Recorded data:
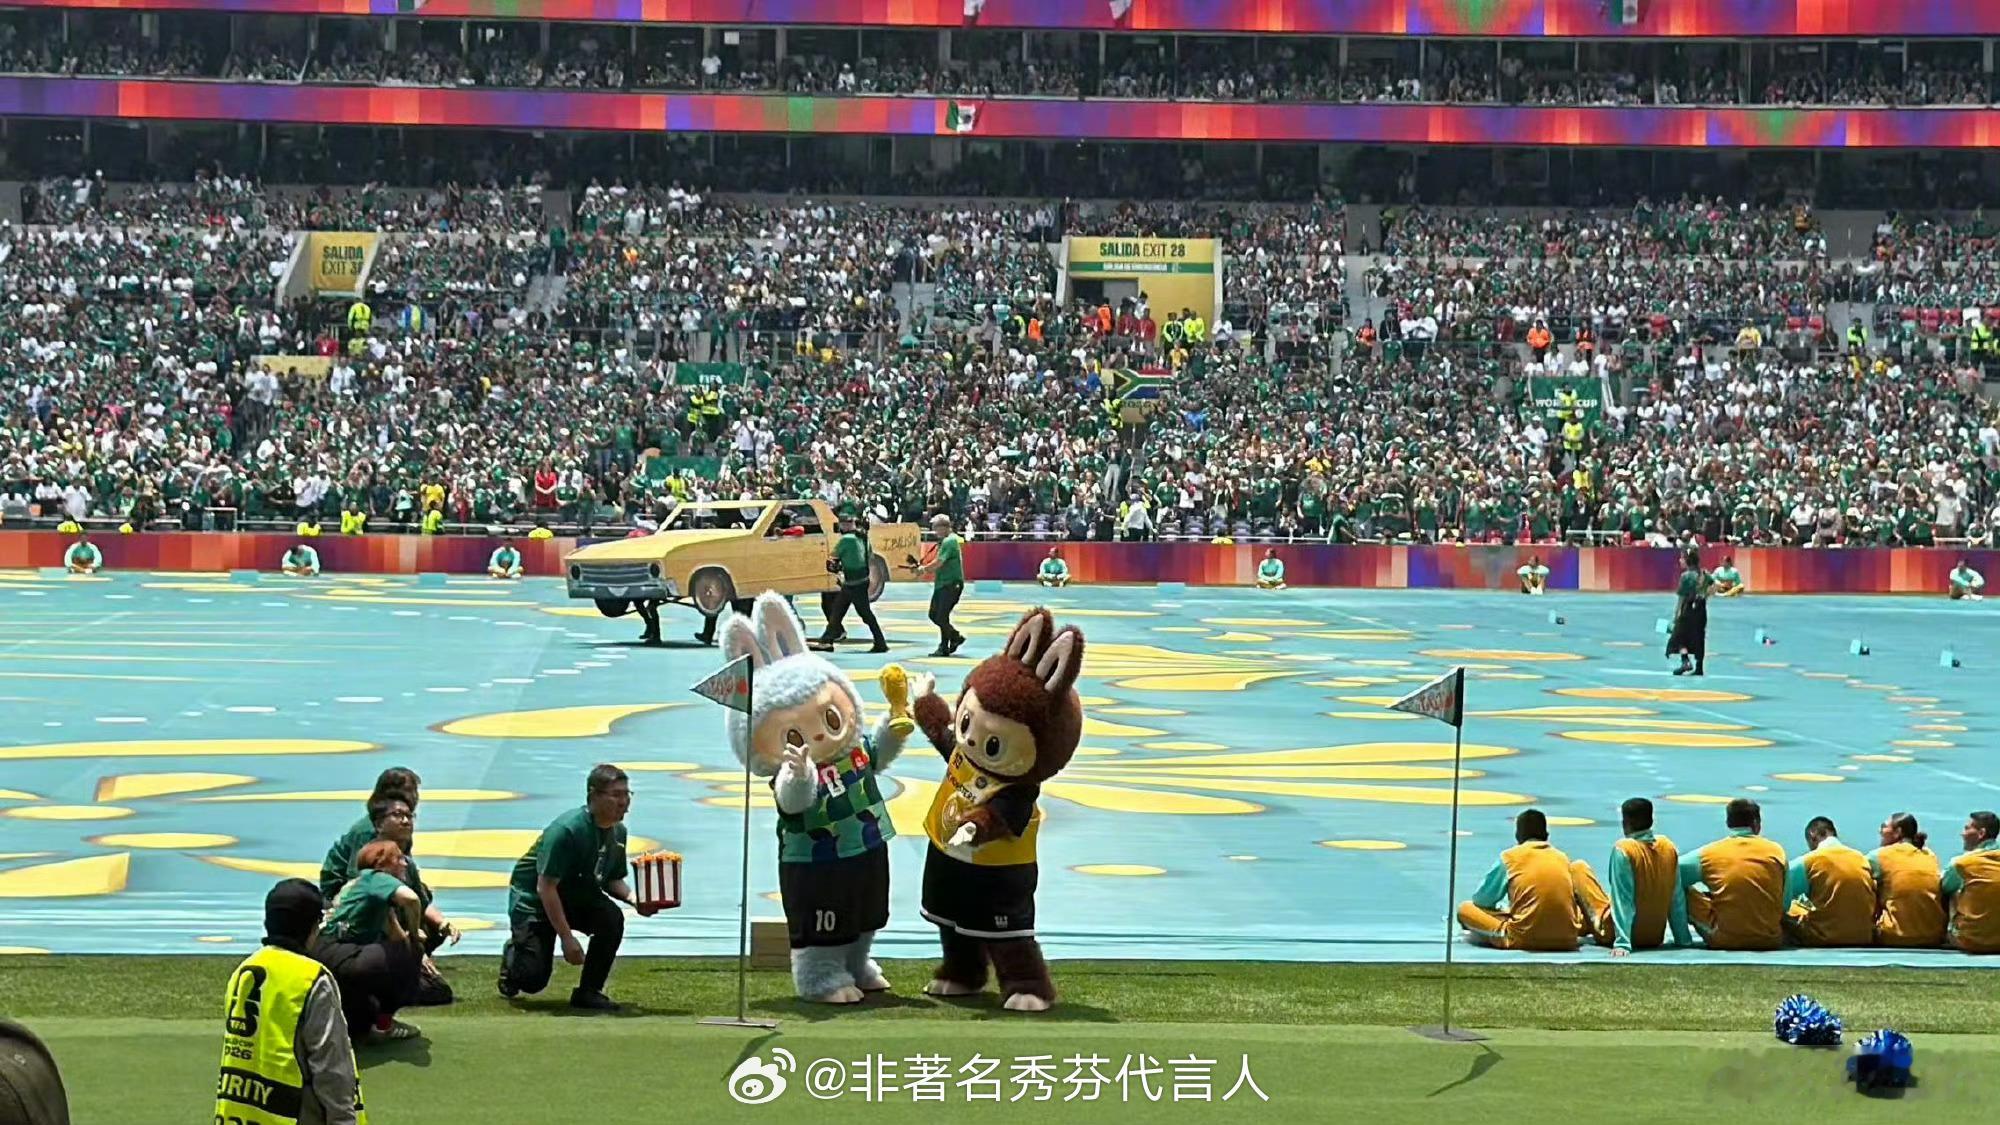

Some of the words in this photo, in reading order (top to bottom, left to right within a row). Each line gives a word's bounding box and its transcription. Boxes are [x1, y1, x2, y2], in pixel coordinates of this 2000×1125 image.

[323, 245, 363, 260] SALIDA
[1100, 242, 1139, 257] SALIDA
[1143, 243, 1167, 258] EXIT
[1170, 243, 1186, 258] 28
[322, 260, 346, 275] EXIT
[815, 909, 836, 932] 10

**GOAL OF THE EXERCISE**
Repeat the records in full, exactly as they appear, without the pictures.

**EXERCISE OUTPUT**
Some of the words in this photo, in reading order (top to bottom, left to right within a row). Each line gives a word's bounding box and its transcription. Boxes are [x1, y1, x2, y2], in pixel coordinates of this 2000×1125 image.

[323, 245, 363, 260] SALIDA
[1100, 242, 1139, 257] SALIDA
[1143, 243, 1167, 258] EXIT
[1170, 243, 1186, 258] 28
[322, 260, 346, 275] EXIT
[815, 909, 836, 932] 10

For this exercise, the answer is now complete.